Problem to work on: Everything in the listing below must be reproduced exactly, apart from its images.

Provided records:
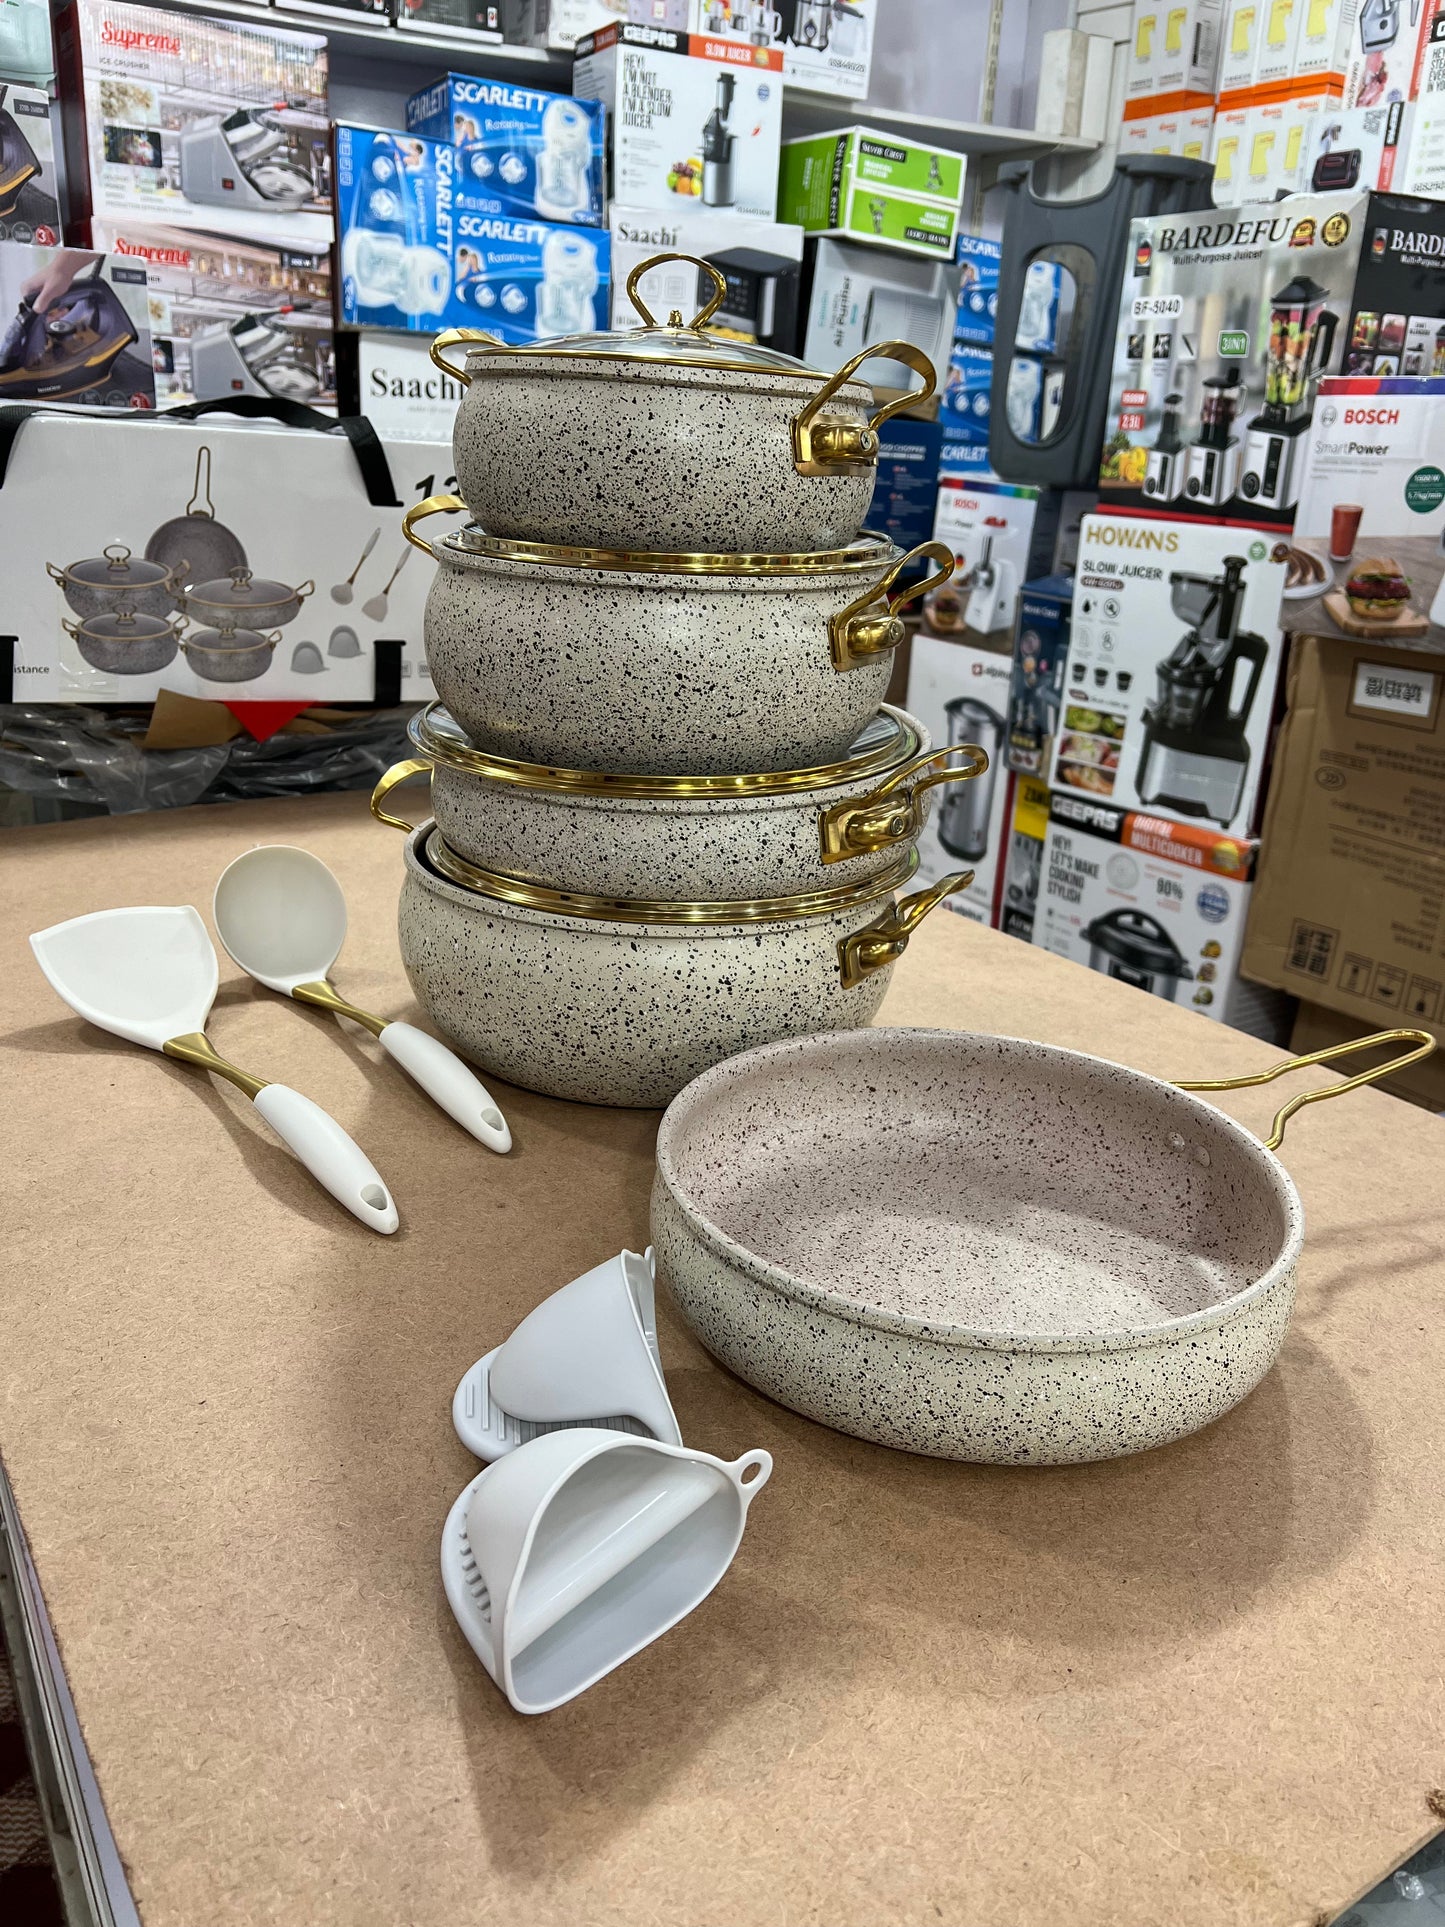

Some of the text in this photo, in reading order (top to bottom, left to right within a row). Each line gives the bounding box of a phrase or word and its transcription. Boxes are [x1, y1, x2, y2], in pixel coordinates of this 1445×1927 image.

[101, 20, 181, 54] Supreme
[705, 43, 752, 62] SLOW JUICER
[453, 81, 548, 113] SCARLETT
[434, 145, 453, 256] SCARLETT
[457, 215, 550, 246] SCARLETT
[617, 222, 677, 247] Saachi
[1159, 217, 1293, 252] BARDEFU
[115, 238, 191, 266] Supreme
[833, 328, 844, 347] Air
[1344, 409, 1400, 425] BOSCH
[1315, 441, 1390, 455] SmartPower
[1086, 524, 1180, 553] HOWANS
[1083, 560, 1163, 580] SLOW JUICER
[1052, 795, 1119, 833] GEEPAS
[1132, 815, 1174, 839] DIGITAL
[1051, 834, 1072, 850] HEY!
[1131, 833, 1203, 866] MULTICOOKER
[1049, 864, 1085, 889] COOKING
[1050, 850, 1100, 880] LET'S MAKE
[1047, 881, 1082, 905] STYLISH

Finished exercise:
Some of the text in this photo, in reading order (top to bottom, left to right within a row). Each line gives the bounding box of a phrase or word and its transcription. Boxes are [x1, y1, x2, y2], in pixel coordinates of this 1445×1927 image.

[101, 20, 181, 54] Supreme
[705, 43, 752, 62] SLOW JUICER
[453, 81, 548, 113] SCARLETT
[434, 145, 453, 256] SCARLETT
[457, 215, 550, 246] SCARLETT
[617, 222, 677, 247] Saachi
[1159, 217, 1293, 252] BARDEFU
[115, 238, 191, 266] Supreme
[833, 328, 844, 347] Air
[1344, 409, 1400, 425] BOSCH
[1315, 441, 1390, 455] SmartPower
[1086, 524, 1180, 553] HOWANS
[1083, 560, 1163, 580] SLOW JUICER
[1052, 795, 1119, 833] GEEPAS
[1132, 815, 1174, 839] DIGITAL
[1051, 834, 1072, 850] HEY!
[1131, 833, 1203, 866] MULTICOOKER
[1049, 864, 1085, 889] COOKING
[1050, 850, 1100, 880] LET'S MAKE
[1047, 881, 1082, 905] STYLISH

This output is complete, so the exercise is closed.